Früher musste der Streckenläufer von Auge den Zustand der Schienen überprüfen. «Einmal im Jahr vermass zusätzlich eine Messeinrichtung, die an einem Gleisbaufahrzeug installiert war, die Schienen. «Das war aufwendig, weil dieses Fahrzeug nur sieben Kilometer in der Stunde fährt und darum nur in der Nacht eingesetzt werden konnte», so Orglmeister. Und ein Diagnosefahrzeug, wie es die SBB hätten, würde sich für die ZB nicht lohnen, auch nicht mit anderen Schmalspurbahnen zusammen. Es müsste auf der Strasse von der einen zur anderen Schmalspurbahn verschoben werden.

Den Streckenläufer braucht es immer noch

Mit der neuen Technik werde der Unterhalt des Schienennetzes revolutioniert. Zwar brauche es den Streckenläufer immer noch. «Doch die Laseranlage ist genauer, sie kann Veränderungen im Millimeterbereich feststellen und auch Prognosen zur Veränderung des Schienenzustandes machen», schwärmt Orglmeister. Er streicht einen weiteren Vorteil hervor. «Die Messergebnisse sind aussagekräftiger, wenn ein 16 Tonnen schwerer Zug das Gleis befährt, als wenn ein Streckenläufer das Gleis ohne Belastung misst.»

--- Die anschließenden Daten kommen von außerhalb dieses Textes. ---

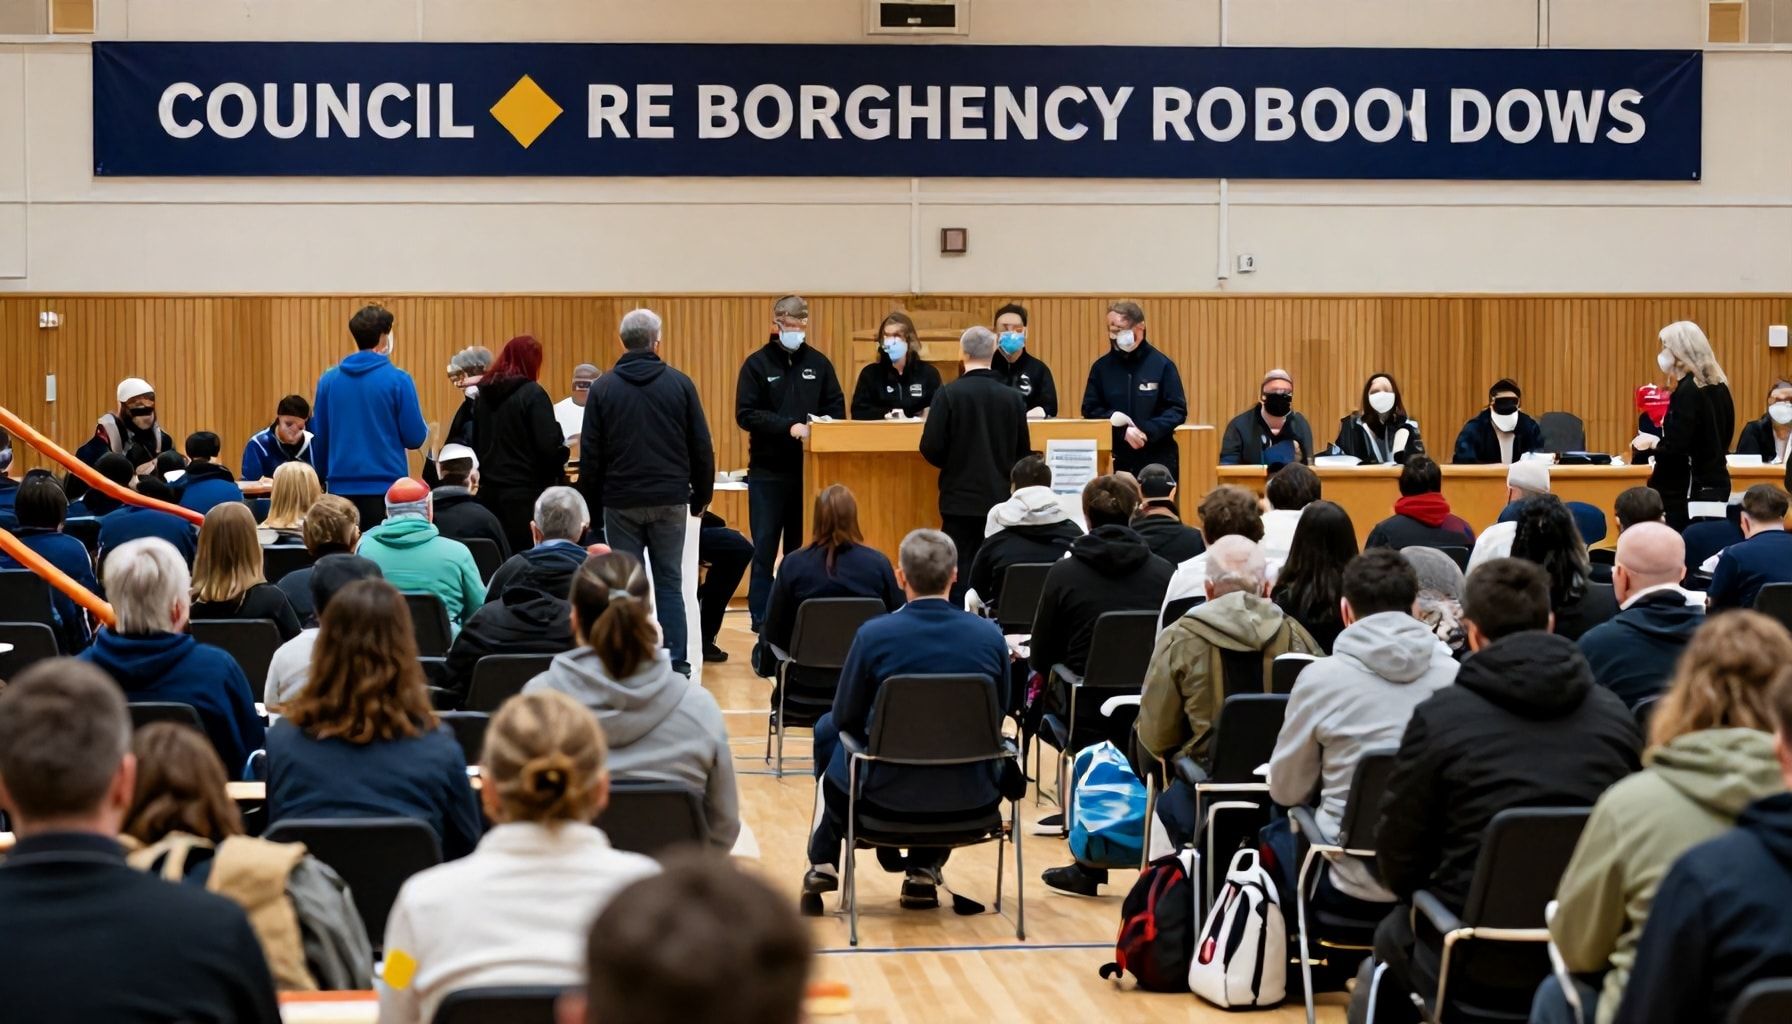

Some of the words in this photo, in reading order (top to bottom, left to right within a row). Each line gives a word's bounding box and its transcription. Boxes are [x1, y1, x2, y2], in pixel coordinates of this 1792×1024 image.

[158, 82, 475, 140] COUNCIL
[586, 84, 674, 140] RE
[698, 83, 1134, 142] BORGHENCY
[1449, 88, 1647, 145] DOWS
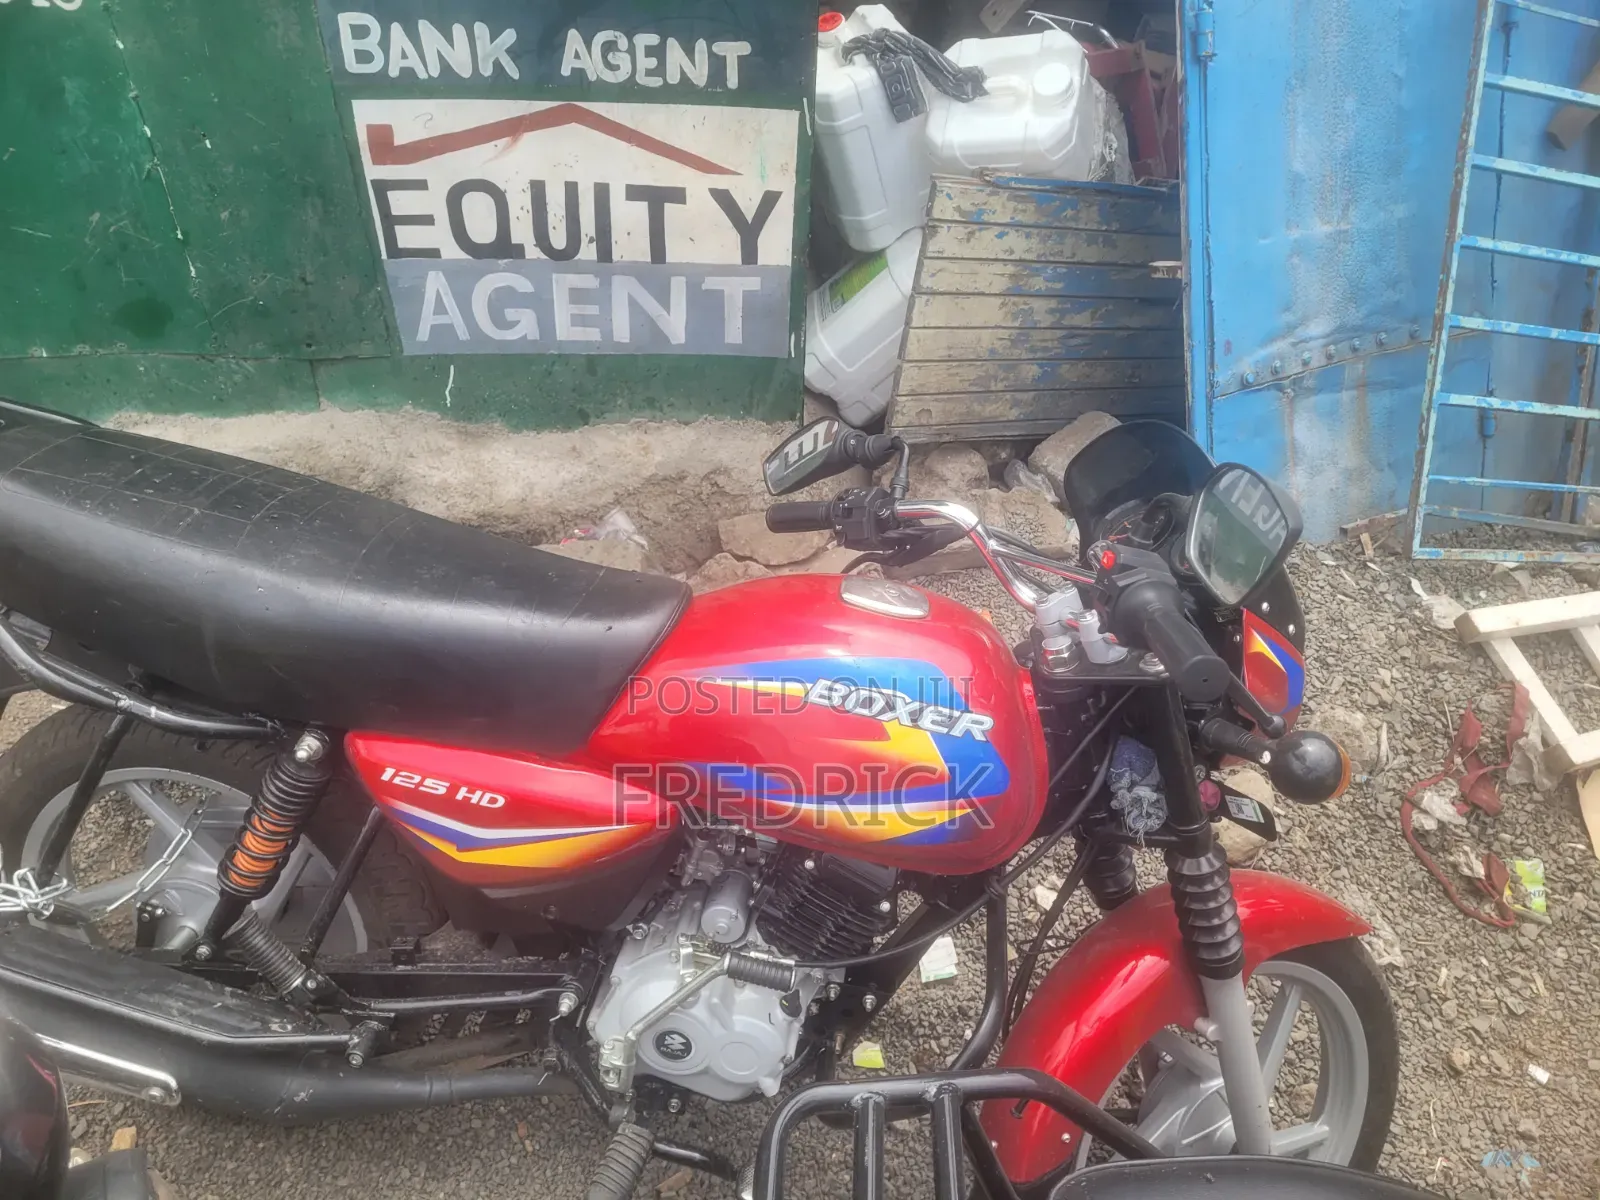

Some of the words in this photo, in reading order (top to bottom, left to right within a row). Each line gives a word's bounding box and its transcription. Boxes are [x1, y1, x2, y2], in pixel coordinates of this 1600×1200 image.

[338, 12, 519, 79] BANK
[561, 28, 751, 89] AGENT
[371, 178, 783, 265] EQUITY
[416, 271, 761, 344] AGENT
[804, 677, 994, 742] BOXER
[380, 767, 450, 795] 125
[455, 786, 505, 808] HD
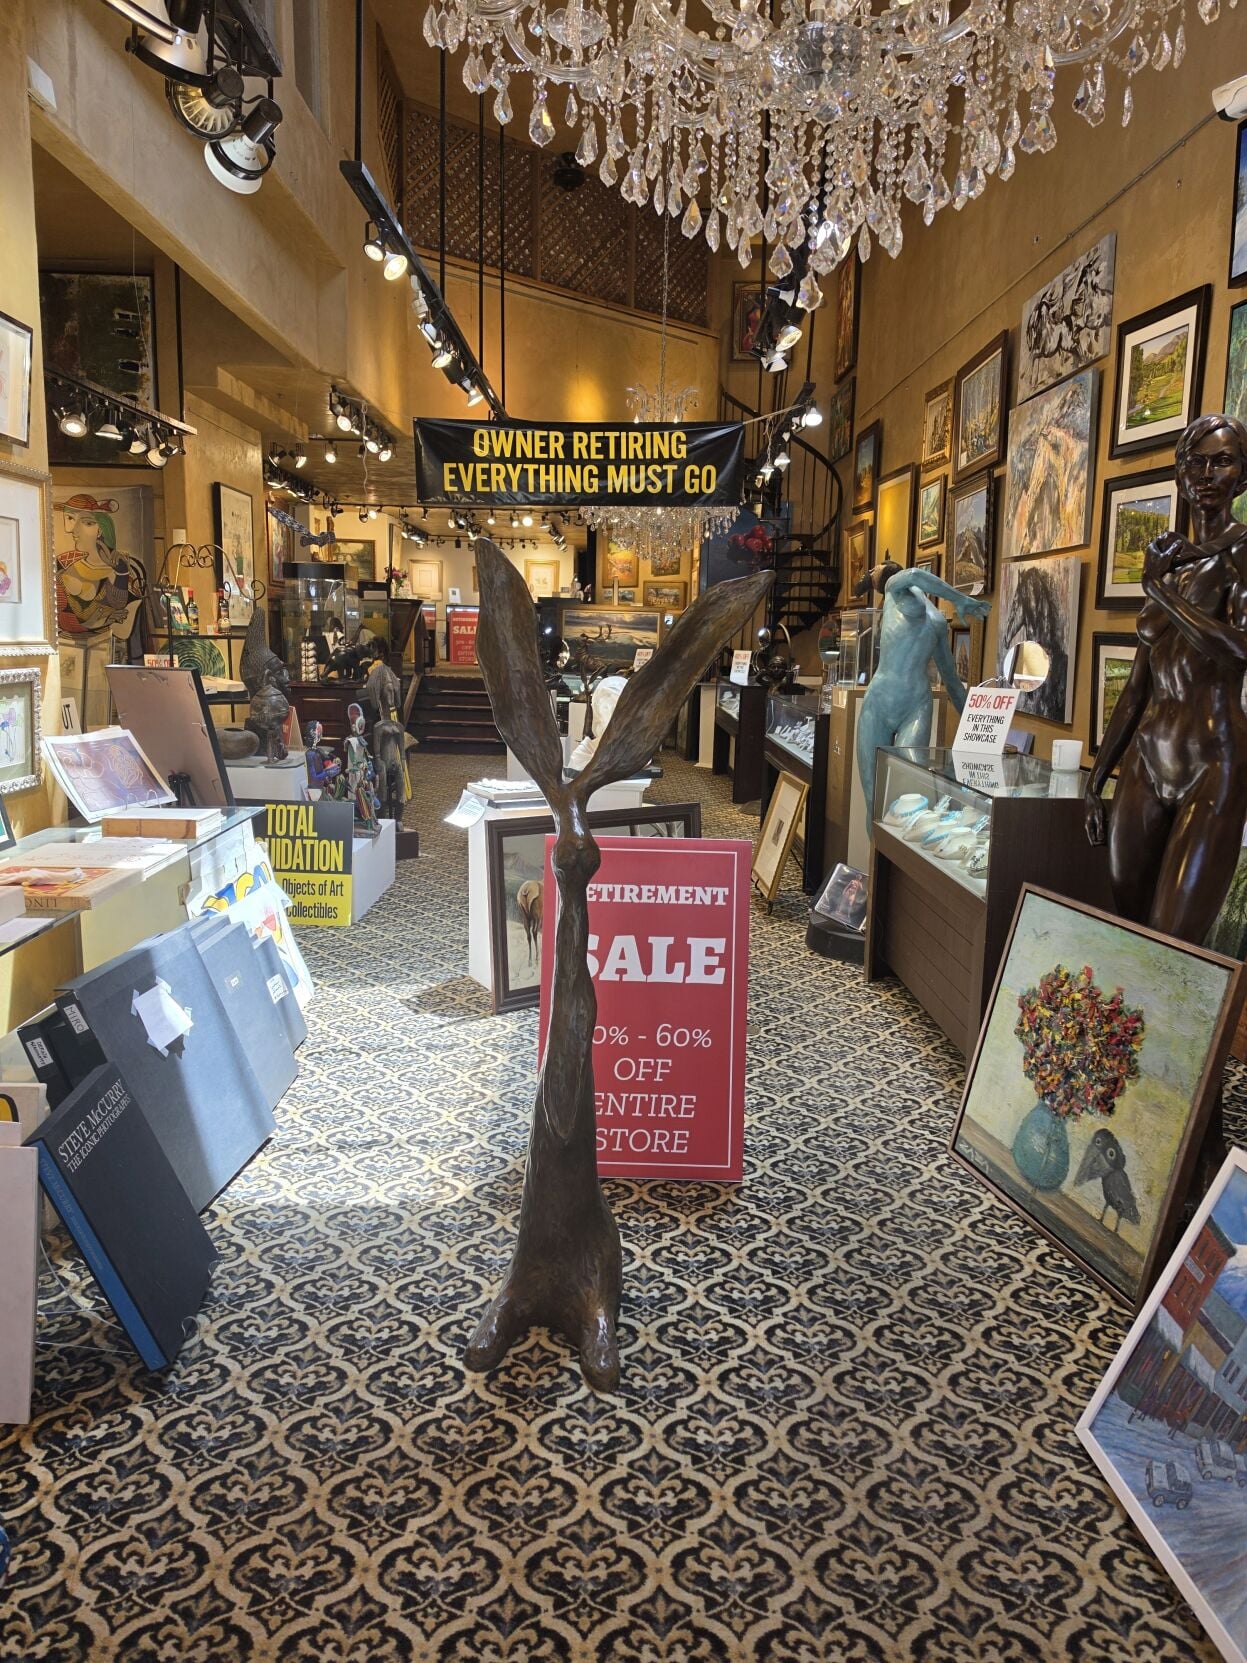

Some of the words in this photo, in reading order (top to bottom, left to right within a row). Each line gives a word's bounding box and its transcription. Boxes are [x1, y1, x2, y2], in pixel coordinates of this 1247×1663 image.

[473, 429, 564, 459] OWNER
[572, 430, 687, 459] RETIRING
[443, 462, 598, 493] EVERYTHING
[607, 464, 677, 494] MUST
[684, 464, 717, 494] GO
[968, 694, 991, 709] 50%
[993, 695, 1015, 710] OFF
[967, 713, 1005, 724] EVERYTHING
[972, 723, 980, 732] IN
[980, 724, 994, 733] THIS
[963, 733, 997, 743] SHOWCASE
[265, 804, 318, 837] TOTAL
[255, 837, 344, 871] UIDATION
[282, 878, 316, 898] Objects
[320, 880, 327, 896] of
[329, 880, 344, 897] Art
[586, 883, 729, 905] ETIREMENT
[286, 902, 338, 919] Collectibles
[66, 1006, 85, 1032] MIRO
[592, 1025, 629, 1045] 0%
[656, 1023, 712, 1048] 60%
[614, 1057, 672, 1081] OFF
[58, 1120, 91, 1162] STEVE
[86, 1078, 126, 1130] McCURRY
[67, 1153, 83, 1173] THE
[80, 1132, 100, 1159] ICONIC
[596, 1127, 689, 1153] STORE
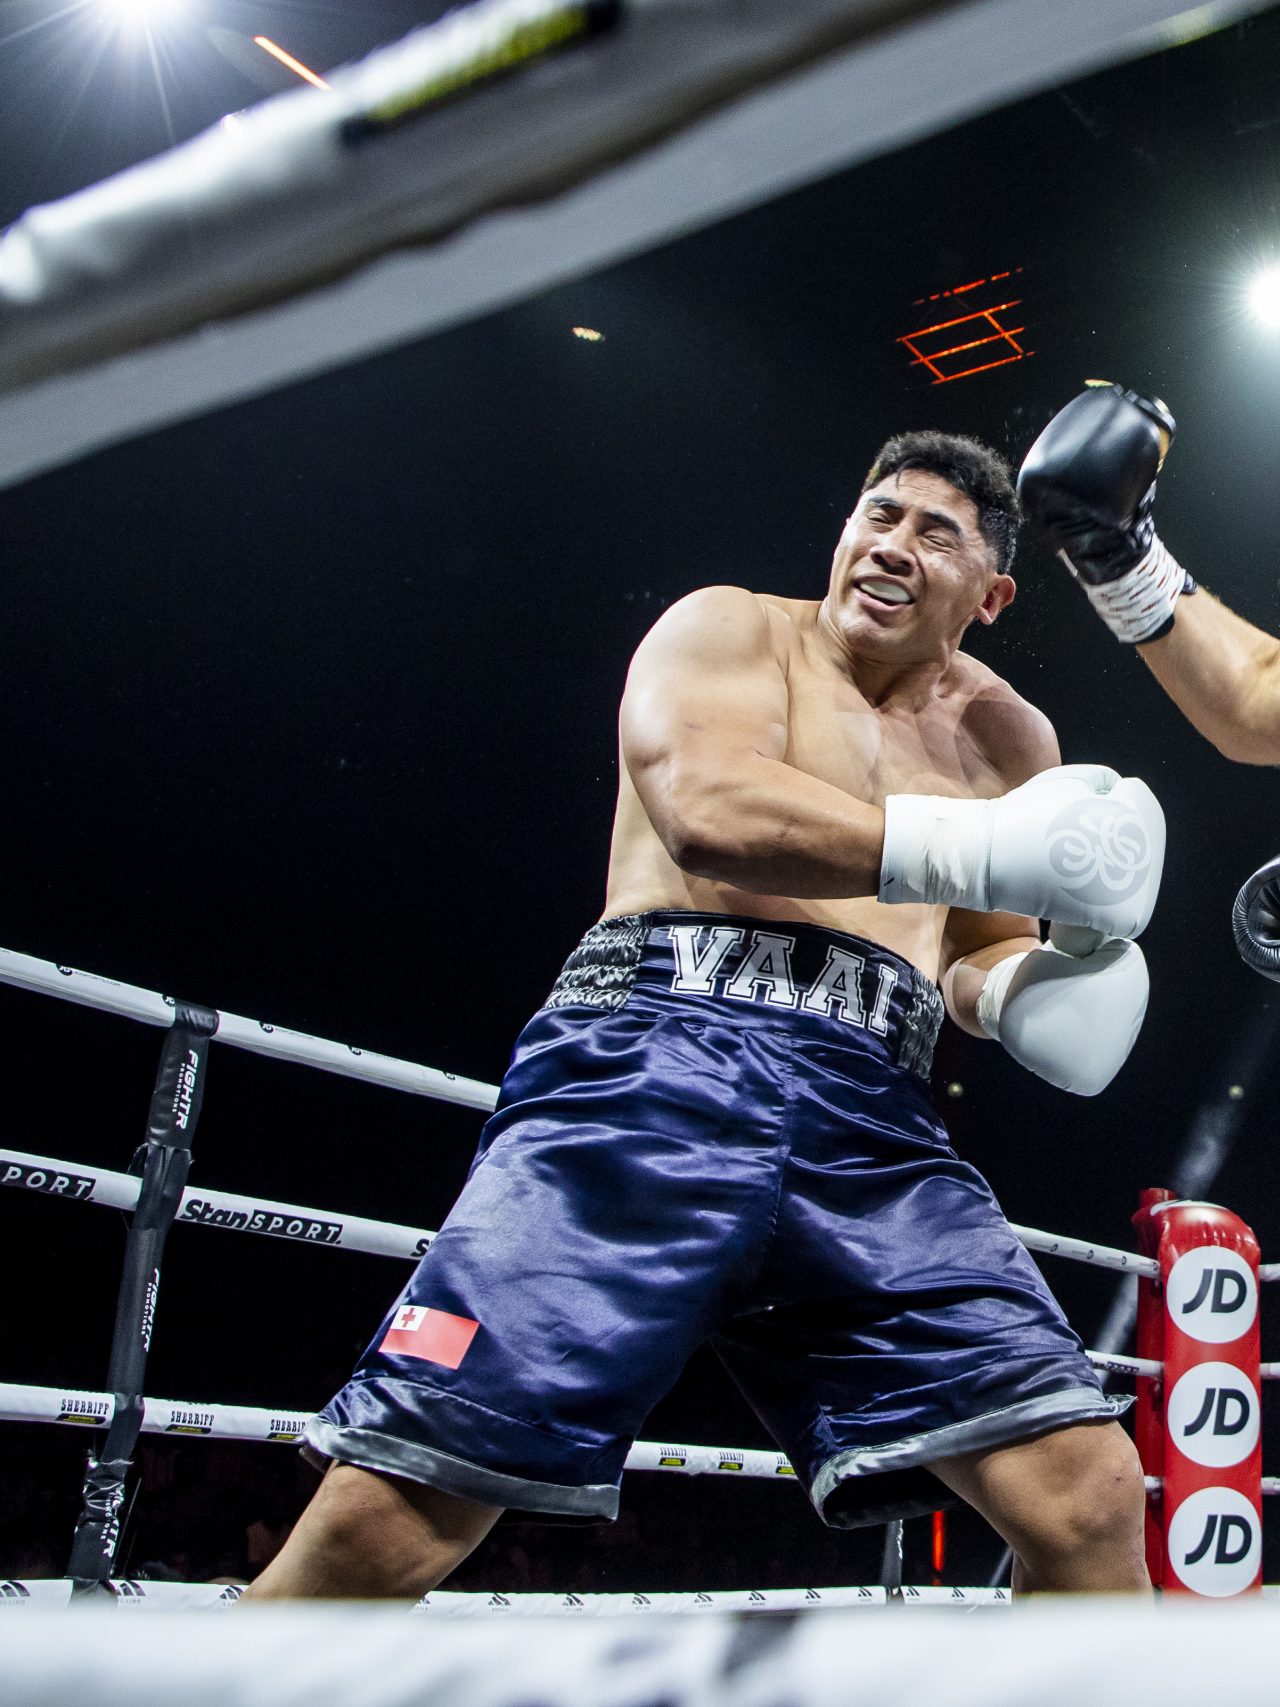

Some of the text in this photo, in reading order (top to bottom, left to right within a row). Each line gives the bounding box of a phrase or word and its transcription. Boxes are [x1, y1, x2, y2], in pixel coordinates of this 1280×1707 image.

Die Investition von rund 650000 Franken habe sich bezahlt gemacht, zieht Gunthard Orglmeister nach fünf Monaten Zwischenbilanz. So seien auf gewissen Streckenabschnitten Schwachstellen der Gleisanlage zutagegetreten. «Mit dem neuen Messsystem erkennen wir auch viel schneller, wenn sich ein Gleis abgesenkt hat. Das ist nicht ungewöhnlich, da die Gleise entlang des Wichelsees und zwischen Stansstad und Stans auf sumpfigem Gelände gebaut sind.» Dank der genaueren Messergebenisse erkenne man solche Schäden frühzeitiger, was sich positiv auf die Kosten für den Unterhalt auswirke. Auch der Fahrgast profitiere direkt: «Der Zustand unserer Gleise wird längerfristig noch besser. So wird es immer seltener vorkommen, dass der Fahrgast Kaffee ausschüttet, wenn der Zug über eine holprige Stelle fährt.»